Le secret du gardien des manèges endormis
Chapitre 16
L'étincelle de sincérité
3 mai 2026
Néo vacilla sur ses jambes, une main plaquée sur son orbite vide. La douleur n'était rien comparée au choc de voir son propre reflet se tenir devant elle, au sommet du sablier géant. Cette « Autre Néo » était parfaite. Sa peau ne portait aucune trace de sable, ses vêtements n’étaient pas déchirés, et ses deux yeux rouges brillaient d’une lumière fixe, dénuée de tout battement de paupière.
— Regarde-toi, dit la doublure d'une voix qui n'était qu'un écho métallique et sans vie. Tu as sacrifié ta vision pour des êtres éphémères. Tu as brisé ta perfection pour de la poussière. Le Grand Architecte t’avait conçue pour être la gardienne de l’éternité, pas la servante d’un groupe de parias.
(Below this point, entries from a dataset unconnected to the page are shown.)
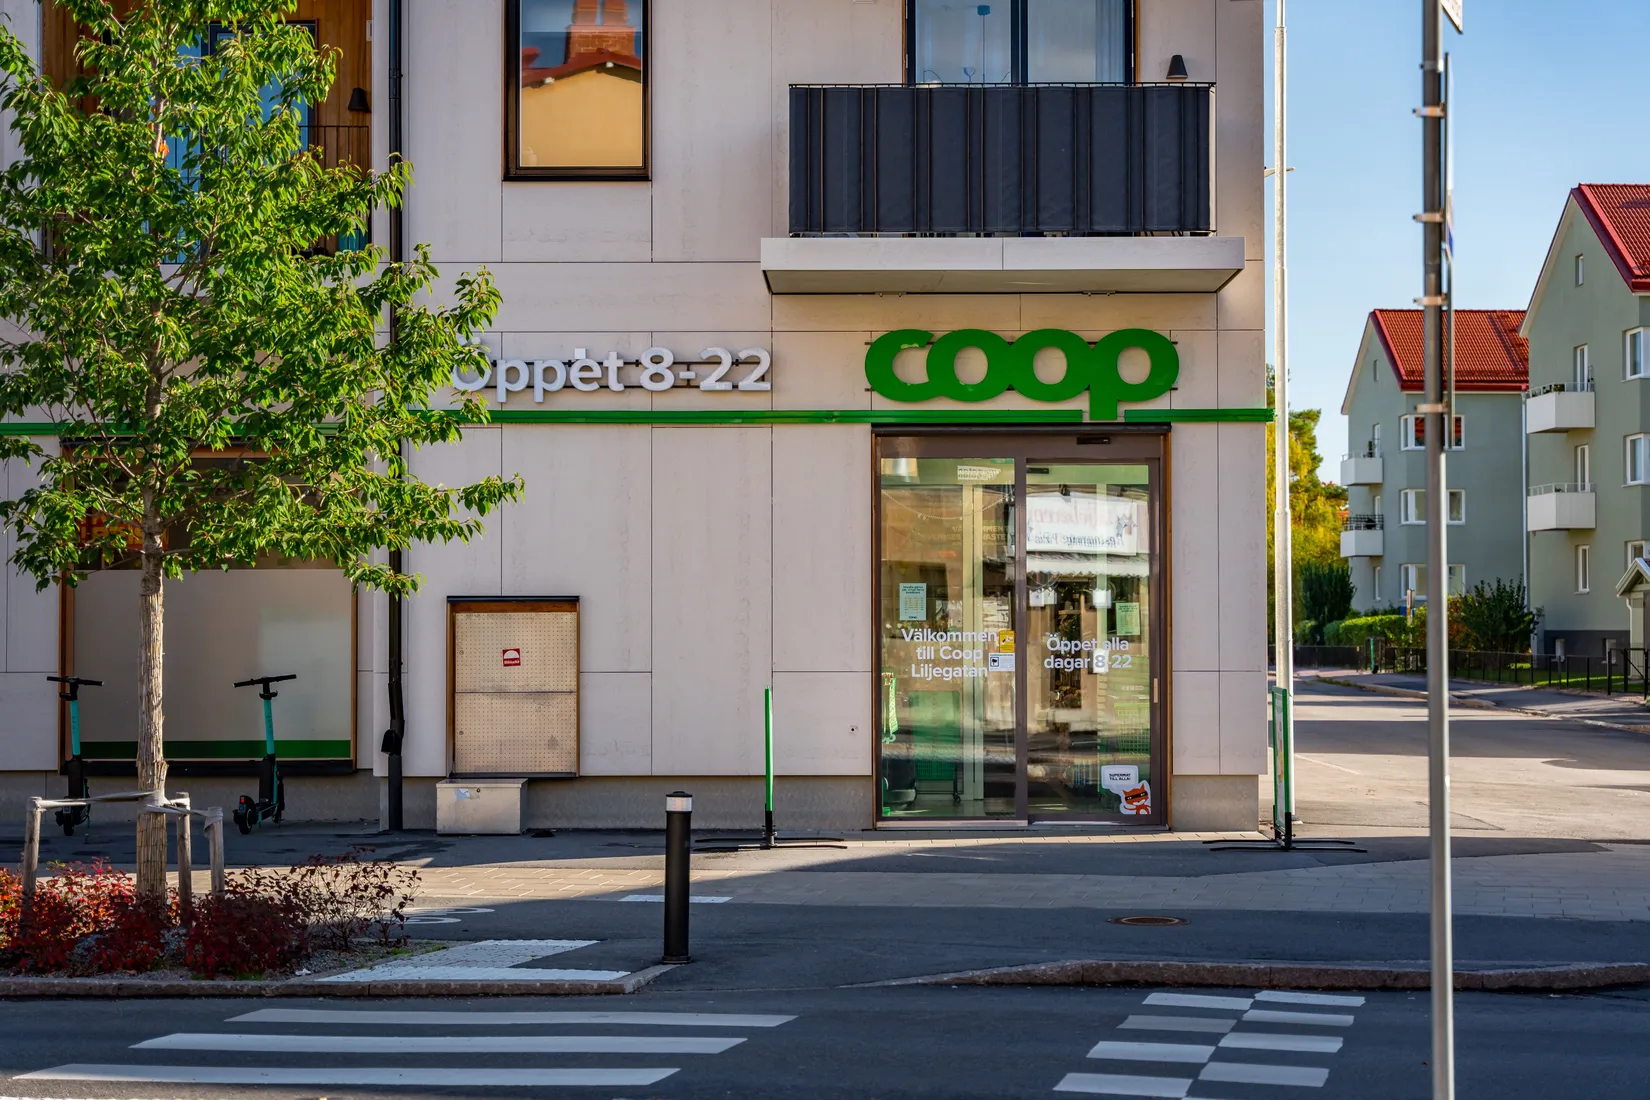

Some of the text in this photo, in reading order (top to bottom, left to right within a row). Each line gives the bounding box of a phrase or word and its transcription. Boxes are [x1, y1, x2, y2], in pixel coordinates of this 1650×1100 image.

[451, 336, 772, 402] Öppet 8-22
[865, 328, 1180, 420] coop
[901, 628, 998, 642] Välkommen
[1046, 633, 1129, 655] Öppet alla
[916, 646, 935, 660] till
[940, 646, 984, 663] Coop
[1043, 654, 1132, 672] dagar 8-22
[911, 663, 988, 681] Liljegatan
Liam fit un pas en avant, se plaçant entre Néo et son double. Malgré sa fatigue, il redressa les épaules, sa noblesse naturelle irradiant comme une aura. Il déchira un morceau de sa fourrure sauvage et le tendit avec une tendresse infinie à Néo pour qu'elle puisse bander sa blessure.
— Sa perfection ne se voit pas dans ses yeux, dit-il fermement. Elle se voit dans ce qu'elle a osé perdre pour nous. Toi, tu n'es qu'une machine sans histoire. Elle, elle est en train de devenir une légende.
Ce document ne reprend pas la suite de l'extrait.